Droits des peuples autochtones
Des ONG et des communautés locales ont dénoncé la présence de colons non autochtones sur leurs terres, ainsi que des attaques, parfois meurtrières, commises par ces colons contre des autochtones.
En août, une attaque de colons non autochtones contre une communauté du territoire Mayangna Sauni As a fait au moins neuf morts parmi la population autochtone.
En septembre, la CIDH a rendu compte d’un certain nombre de cas d’enlèvements, d’homicides, d’agressions sexuelles, de menaces et d’habitations incendiées signalés par des peuples autochtones de la Côte caraïbe nord.

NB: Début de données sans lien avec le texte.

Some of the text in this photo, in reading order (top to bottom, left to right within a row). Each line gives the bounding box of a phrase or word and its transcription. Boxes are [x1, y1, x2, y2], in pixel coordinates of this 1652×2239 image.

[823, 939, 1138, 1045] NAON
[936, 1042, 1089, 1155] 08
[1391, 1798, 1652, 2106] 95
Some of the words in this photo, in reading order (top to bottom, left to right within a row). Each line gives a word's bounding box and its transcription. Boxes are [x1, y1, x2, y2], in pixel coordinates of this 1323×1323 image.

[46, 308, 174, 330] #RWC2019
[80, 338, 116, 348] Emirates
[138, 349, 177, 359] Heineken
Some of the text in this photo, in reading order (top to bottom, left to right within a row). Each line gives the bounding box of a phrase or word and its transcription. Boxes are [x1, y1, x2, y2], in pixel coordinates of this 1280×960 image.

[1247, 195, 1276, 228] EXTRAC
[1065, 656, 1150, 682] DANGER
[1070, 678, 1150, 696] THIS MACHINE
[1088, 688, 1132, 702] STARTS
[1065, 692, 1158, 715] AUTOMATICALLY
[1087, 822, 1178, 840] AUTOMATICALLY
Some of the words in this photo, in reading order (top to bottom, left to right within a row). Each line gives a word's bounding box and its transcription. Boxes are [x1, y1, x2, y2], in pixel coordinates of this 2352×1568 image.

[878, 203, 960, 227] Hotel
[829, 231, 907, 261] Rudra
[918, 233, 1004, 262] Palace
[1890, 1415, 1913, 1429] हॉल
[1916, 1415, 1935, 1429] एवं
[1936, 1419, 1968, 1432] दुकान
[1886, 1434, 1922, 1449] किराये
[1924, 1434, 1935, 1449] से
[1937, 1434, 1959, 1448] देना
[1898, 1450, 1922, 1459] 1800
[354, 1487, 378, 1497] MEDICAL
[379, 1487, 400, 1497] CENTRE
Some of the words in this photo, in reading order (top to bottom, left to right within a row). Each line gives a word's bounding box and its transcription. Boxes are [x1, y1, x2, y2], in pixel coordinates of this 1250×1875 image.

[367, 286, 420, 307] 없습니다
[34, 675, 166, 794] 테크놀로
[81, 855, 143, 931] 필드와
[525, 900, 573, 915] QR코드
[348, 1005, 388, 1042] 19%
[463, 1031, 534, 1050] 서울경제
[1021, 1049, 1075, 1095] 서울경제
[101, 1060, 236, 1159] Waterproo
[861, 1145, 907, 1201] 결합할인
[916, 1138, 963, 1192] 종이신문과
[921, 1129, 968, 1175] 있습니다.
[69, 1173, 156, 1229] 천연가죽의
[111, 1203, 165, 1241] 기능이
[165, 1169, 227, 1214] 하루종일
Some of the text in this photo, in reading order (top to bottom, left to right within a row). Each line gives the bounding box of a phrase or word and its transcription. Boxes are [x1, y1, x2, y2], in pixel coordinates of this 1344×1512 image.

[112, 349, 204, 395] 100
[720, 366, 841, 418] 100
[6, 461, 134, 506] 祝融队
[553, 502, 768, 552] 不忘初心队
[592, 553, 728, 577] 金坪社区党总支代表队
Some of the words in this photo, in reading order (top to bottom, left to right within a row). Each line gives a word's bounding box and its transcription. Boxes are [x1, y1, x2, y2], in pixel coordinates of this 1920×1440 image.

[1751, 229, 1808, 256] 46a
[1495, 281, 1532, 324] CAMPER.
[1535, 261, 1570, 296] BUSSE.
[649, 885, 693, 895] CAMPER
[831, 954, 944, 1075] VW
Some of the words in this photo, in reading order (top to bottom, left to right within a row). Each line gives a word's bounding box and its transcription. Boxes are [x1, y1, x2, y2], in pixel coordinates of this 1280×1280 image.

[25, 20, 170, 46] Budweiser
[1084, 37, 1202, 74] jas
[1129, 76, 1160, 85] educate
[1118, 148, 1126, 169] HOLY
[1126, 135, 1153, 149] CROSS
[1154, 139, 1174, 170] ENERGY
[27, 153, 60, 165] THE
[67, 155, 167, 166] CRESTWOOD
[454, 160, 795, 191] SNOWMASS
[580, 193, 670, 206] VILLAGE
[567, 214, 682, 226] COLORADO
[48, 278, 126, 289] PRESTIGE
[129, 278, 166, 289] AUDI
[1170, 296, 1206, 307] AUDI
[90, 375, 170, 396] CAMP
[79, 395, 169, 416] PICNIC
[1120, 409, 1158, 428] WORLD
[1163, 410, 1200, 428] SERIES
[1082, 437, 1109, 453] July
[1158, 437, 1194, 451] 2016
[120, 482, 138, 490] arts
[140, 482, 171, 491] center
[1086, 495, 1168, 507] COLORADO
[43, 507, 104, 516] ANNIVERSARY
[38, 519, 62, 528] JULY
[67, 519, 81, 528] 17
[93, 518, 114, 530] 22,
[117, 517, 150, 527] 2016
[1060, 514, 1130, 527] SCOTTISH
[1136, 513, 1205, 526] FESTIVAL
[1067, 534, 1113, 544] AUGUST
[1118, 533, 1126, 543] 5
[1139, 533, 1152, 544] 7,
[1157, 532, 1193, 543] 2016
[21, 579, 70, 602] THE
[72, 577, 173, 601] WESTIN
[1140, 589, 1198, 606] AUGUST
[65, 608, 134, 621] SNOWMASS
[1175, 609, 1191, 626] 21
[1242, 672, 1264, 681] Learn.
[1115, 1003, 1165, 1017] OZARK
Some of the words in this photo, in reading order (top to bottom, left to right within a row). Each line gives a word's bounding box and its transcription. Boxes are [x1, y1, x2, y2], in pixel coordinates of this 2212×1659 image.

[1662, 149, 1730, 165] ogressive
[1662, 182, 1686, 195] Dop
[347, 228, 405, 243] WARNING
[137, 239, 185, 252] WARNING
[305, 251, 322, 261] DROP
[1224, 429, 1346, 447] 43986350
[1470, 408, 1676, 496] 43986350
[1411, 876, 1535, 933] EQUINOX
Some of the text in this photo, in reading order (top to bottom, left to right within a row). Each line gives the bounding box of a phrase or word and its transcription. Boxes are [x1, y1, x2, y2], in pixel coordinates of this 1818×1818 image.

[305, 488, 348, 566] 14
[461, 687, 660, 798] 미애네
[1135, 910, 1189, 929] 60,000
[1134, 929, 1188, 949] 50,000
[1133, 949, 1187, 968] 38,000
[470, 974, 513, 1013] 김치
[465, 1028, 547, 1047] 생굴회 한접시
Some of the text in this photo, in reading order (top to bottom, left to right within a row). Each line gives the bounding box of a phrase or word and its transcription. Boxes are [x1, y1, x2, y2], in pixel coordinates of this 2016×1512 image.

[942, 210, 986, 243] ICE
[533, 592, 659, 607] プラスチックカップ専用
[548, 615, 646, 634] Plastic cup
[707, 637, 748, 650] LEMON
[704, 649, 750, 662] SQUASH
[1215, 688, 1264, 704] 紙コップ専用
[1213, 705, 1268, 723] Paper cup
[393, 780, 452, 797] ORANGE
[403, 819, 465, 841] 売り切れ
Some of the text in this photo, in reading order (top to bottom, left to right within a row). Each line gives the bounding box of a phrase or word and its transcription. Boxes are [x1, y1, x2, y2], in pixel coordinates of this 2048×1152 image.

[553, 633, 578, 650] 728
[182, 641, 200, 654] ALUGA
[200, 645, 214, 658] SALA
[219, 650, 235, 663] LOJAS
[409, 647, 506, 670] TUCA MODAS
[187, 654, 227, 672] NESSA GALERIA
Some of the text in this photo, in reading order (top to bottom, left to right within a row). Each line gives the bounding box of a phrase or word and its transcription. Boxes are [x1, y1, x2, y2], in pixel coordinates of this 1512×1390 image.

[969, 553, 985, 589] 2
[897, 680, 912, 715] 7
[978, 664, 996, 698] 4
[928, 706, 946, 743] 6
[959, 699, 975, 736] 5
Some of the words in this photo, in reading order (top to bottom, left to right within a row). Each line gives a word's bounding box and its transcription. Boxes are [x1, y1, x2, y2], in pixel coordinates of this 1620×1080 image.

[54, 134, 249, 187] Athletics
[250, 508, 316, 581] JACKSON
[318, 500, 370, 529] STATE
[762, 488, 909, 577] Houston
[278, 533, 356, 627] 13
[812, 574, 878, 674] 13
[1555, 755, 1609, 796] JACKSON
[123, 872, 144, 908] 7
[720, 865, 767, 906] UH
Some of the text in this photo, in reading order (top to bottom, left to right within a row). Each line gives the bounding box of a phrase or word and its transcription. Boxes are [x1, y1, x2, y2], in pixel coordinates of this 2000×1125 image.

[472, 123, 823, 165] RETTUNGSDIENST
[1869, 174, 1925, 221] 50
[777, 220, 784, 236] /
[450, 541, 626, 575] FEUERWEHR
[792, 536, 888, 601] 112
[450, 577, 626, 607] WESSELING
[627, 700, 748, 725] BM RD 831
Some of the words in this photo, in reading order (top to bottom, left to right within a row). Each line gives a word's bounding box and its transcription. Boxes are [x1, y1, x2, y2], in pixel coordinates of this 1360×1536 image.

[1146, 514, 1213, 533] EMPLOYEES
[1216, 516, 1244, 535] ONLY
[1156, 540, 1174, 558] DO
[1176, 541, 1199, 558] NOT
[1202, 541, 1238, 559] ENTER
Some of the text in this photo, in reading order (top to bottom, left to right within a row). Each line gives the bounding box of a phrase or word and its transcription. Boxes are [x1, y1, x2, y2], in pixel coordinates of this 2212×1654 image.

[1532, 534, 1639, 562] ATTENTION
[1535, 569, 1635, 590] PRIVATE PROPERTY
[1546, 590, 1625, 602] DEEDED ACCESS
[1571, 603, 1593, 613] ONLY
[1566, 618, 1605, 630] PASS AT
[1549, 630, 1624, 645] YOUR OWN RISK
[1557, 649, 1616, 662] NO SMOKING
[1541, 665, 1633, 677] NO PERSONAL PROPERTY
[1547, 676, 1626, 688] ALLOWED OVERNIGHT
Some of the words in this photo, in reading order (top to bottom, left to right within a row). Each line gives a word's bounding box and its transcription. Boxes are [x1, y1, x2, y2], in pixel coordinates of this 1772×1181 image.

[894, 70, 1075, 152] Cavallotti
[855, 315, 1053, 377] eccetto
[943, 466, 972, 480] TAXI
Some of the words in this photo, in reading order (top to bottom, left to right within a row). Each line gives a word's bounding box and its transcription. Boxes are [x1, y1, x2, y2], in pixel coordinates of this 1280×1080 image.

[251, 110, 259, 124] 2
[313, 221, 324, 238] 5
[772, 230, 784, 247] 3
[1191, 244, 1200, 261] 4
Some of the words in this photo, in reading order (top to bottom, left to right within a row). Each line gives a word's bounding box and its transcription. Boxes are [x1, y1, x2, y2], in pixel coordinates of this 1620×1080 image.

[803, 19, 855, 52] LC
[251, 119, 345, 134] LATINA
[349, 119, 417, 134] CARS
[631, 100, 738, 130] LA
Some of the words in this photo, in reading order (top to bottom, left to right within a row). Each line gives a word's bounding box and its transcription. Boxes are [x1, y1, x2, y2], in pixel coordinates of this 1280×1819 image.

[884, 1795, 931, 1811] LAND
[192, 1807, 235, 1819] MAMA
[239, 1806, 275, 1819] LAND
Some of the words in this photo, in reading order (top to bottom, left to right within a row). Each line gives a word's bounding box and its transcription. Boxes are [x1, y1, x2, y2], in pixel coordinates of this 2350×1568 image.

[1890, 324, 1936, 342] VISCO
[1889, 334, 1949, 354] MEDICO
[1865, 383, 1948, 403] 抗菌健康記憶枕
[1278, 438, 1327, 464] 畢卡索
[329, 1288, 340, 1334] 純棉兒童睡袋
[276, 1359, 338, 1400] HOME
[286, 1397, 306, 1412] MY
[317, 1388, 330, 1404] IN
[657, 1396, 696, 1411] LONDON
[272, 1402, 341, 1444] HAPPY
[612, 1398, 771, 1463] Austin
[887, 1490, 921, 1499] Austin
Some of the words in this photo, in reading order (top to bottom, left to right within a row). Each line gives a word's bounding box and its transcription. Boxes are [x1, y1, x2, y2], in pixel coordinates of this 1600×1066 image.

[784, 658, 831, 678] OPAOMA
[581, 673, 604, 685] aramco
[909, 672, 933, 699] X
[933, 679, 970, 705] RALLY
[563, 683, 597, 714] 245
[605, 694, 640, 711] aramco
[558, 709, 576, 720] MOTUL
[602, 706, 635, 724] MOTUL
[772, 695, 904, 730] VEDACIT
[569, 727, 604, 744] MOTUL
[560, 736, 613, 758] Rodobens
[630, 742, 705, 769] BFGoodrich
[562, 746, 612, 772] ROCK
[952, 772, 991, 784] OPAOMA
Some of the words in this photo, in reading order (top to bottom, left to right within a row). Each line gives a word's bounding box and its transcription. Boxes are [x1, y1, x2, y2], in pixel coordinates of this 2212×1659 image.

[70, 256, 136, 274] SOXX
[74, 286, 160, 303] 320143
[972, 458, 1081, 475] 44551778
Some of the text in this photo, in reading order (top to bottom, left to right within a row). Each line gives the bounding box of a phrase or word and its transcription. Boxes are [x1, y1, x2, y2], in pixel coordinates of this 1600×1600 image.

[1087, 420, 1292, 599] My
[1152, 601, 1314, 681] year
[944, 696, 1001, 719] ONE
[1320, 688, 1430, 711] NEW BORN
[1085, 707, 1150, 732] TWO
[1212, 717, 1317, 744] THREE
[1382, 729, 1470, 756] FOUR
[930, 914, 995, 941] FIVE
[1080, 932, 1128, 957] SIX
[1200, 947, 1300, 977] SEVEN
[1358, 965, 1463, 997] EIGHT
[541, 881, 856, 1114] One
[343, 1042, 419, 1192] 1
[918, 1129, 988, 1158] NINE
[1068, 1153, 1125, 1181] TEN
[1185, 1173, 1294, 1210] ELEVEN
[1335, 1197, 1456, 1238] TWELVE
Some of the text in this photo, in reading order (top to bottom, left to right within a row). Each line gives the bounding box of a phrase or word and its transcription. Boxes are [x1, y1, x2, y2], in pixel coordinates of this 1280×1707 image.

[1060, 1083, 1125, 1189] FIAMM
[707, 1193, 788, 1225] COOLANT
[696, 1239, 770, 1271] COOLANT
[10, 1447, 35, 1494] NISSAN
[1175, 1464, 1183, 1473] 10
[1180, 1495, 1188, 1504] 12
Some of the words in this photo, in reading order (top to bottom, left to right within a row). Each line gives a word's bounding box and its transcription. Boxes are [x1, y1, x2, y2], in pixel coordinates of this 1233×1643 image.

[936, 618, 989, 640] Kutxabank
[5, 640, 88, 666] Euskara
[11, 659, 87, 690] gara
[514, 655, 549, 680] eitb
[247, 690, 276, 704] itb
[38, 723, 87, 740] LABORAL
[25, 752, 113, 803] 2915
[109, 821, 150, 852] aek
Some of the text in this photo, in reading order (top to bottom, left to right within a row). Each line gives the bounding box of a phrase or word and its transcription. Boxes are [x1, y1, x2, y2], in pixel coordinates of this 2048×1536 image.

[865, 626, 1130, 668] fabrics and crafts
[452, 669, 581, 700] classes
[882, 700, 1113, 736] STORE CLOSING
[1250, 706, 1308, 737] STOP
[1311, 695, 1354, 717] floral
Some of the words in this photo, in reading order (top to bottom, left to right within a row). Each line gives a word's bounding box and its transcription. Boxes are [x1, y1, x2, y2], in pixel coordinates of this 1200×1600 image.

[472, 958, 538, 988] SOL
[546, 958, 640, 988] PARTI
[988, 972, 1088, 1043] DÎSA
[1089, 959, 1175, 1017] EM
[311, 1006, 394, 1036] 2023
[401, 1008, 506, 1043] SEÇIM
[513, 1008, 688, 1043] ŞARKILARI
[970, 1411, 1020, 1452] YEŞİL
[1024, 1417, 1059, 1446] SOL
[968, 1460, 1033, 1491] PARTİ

En octobre, le Comité des droits économiques, sociaux et culturels [ONU] s’est inquiété des allégations selon lesquelles les autorités auraient favorisé la création d’instances parallèles pour supplanter les représentant·e·s choisis par les peuples autochtones.
Droit à la santé
En février, le HCDH a déploré l’absence de données ventilées concernant la contamination des peuples autochtones et des personnes d’ascendance africaine par le COVID-19, ainsi que le manque d’informations sur les mesures spéciales mises en œuvre pour protéger ces populations.
L’Organisation panaméricaine de la santé a indiqué en août qu’elle n’était pas en mesure d’évaluer l’ampleur de la pandémie au Nicaragua compte tenu du manque d’informations officielles.
Faisant fi des directives internationales de l’OMS, le Nicaragua n’a pas donné la priorité au personnel de santé au début de son programme de vaccination contre le COVID-19. Selon certains médias, des sympathisantes et sympathisants du gouvernement ont été vaccinés en premier, indépendamment de leur profil de risque à l’égard de la maladie.
Des membres du personnel de santé qui critiquaient les politiques gouvernementales ou informaient le grand public à propos de la pandémie ont cette année encore été harcelés et menacés. En juillet, la vice-présidente les a qualifiés publiquement de « faux médecins » et certains d’entre eux ont été contraints de fuir le pays pour se mettre en sécurité.